Analysis

Consumer Confidence Finishes 2017 On A Strong Note

Consumer Confidence rose 4.3 points in December, as expectations continued to rise following the election. The expectations series surged 10.1 points in December and is up nearly 20 points since October.

Consumers Have Great Expectations for 2017

The Consumer Confidence Index rose solidly in December, marking another high for this business cycle. All of December’s gain, however, came from further improvement in expectations for the economy during the coming six months. The Conference Board survey’s measure of the current economic conditions declined in December, reversing much of the previous month’s improvement. At 113.7, the overall level of consumer confidence is now at a level that has typically only been bested near the peak of previous business cycles. The one exception was the long, tech-driven expansion of the 1990s, which pushed Consumer Confidence to its all-time high.

Consumers See Current Conditions The Same As Pre-Election

Consumers’ assessment of current economic conditions is now roughly in line with where it was prior to the presidential election. The present situation index fell 5.9 points to 126.1 in December, which is still a very strong overall reading. Most of the decline was due to a rise in the proportion of consumers stating current business conditions were bad which rose 2.1 points to 17.3 in December.
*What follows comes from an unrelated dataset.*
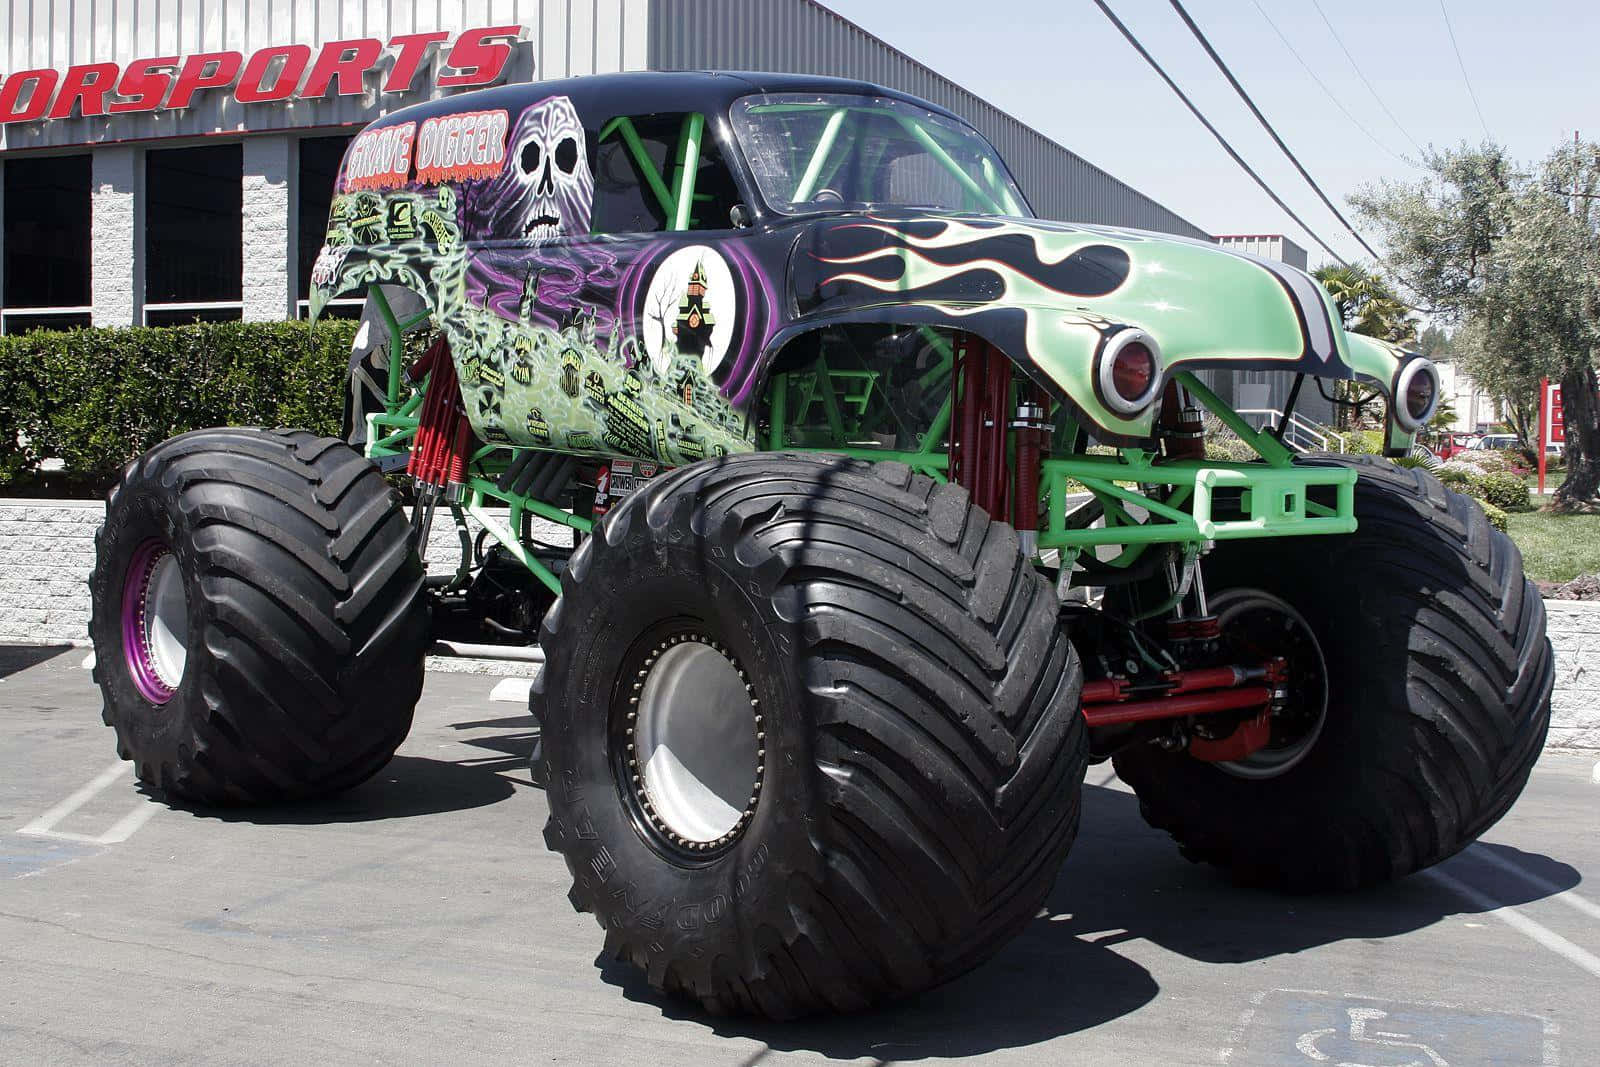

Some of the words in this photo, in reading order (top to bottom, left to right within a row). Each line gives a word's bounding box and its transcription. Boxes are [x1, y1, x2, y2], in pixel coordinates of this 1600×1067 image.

That puts this measure precisely where it was prior to the presidential election. The proportion of consumers stating that current conditions were good fell 0.5 points to 29.2 percent but remains 1.7 points higher than it was in October.
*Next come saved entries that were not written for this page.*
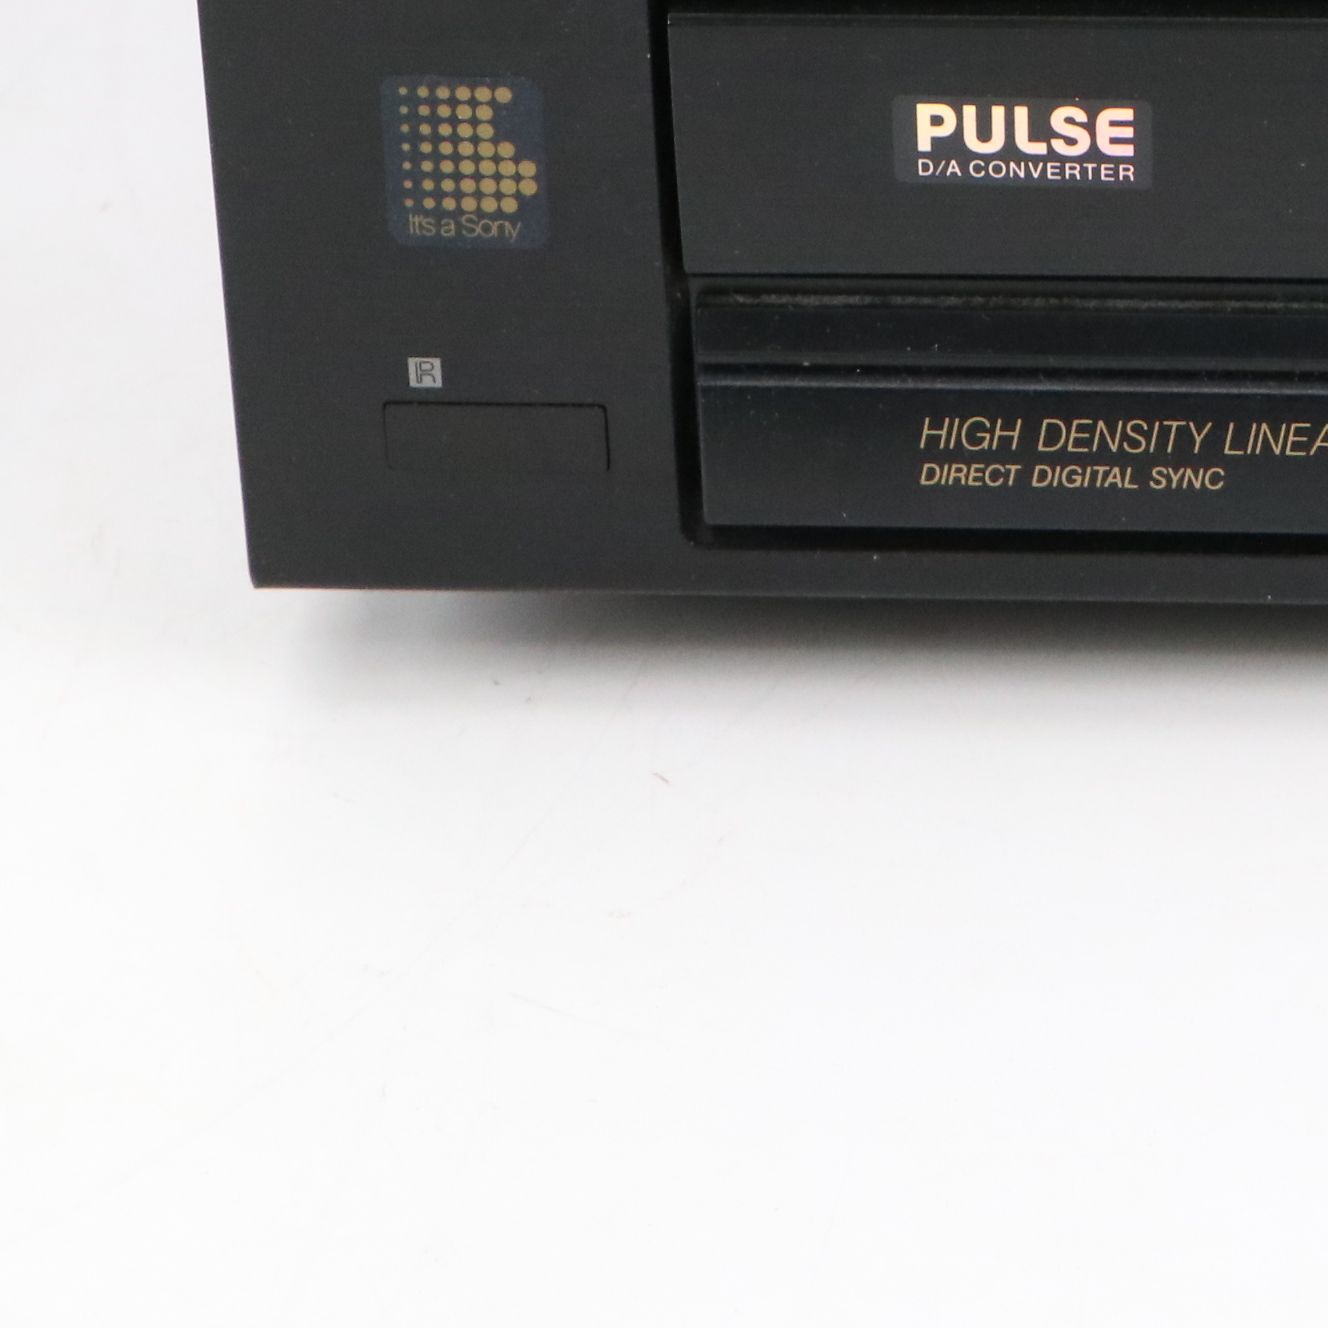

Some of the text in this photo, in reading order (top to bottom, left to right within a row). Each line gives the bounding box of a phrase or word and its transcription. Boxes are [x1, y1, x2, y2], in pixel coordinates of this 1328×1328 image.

[915, 103, 1135, 157] PULSE
[917, 158, 1135, 182] D/A CONVERTER
[408, 213, 521, 243] It's a Sony
[919, 416, 1022, 452] HIGH
[1037, 418, 1213, 455] DENSITY
[920, 463, 1225, 491] DIRECT DIGITAL SYNC
Most of the action in the Consumer Confidence Index has been in the expectations component, which tends to be more influenced by external factors, such as the presidential election, and the surging stock market. All three of the subcomponents of the expectations series improved during the month. The proportion of consumers expecting business conditions to improve over the next six months jumped 7.2 points to 23.6 percent, while the proportion expecting more jobs to be created rose 4.9 points to 21 percent. The proportion of consumers expecting their income to increase over the next six months rose 3.6 points to 21.0 percent and the proportion expecting their income to fall declined 0.6 points to 8.6 percent. The income differential jumped 4.2 points to 12.4, which marks a new cycle high for this series.
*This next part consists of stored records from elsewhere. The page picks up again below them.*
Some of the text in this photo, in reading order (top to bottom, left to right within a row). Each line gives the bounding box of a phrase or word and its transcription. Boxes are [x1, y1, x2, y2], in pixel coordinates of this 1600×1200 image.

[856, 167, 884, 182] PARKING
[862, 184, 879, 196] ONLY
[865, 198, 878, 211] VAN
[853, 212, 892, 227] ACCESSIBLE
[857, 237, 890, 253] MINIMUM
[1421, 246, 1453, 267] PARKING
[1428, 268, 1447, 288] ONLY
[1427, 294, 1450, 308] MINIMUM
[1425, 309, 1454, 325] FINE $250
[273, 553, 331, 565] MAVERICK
The income differential tends to be a fairly good predictor of consumer spending going forward and the most recent rise continues the improving trend that should bode well for consumer spending. Buying plans mostly rose during the month, with plans to purchase a vehicle jumping 1.5 points to 14.3 percent. Plans to purchase major appliances and to take a vacation also increased, but plans to purchase a home fell modestly.

Consumers’ expectations for inflation also remained surprisingly quiescent. Expectations for inflation over the next 12 months fell 0.3 percentage points to 4.5 percent, which is rather low for this survey.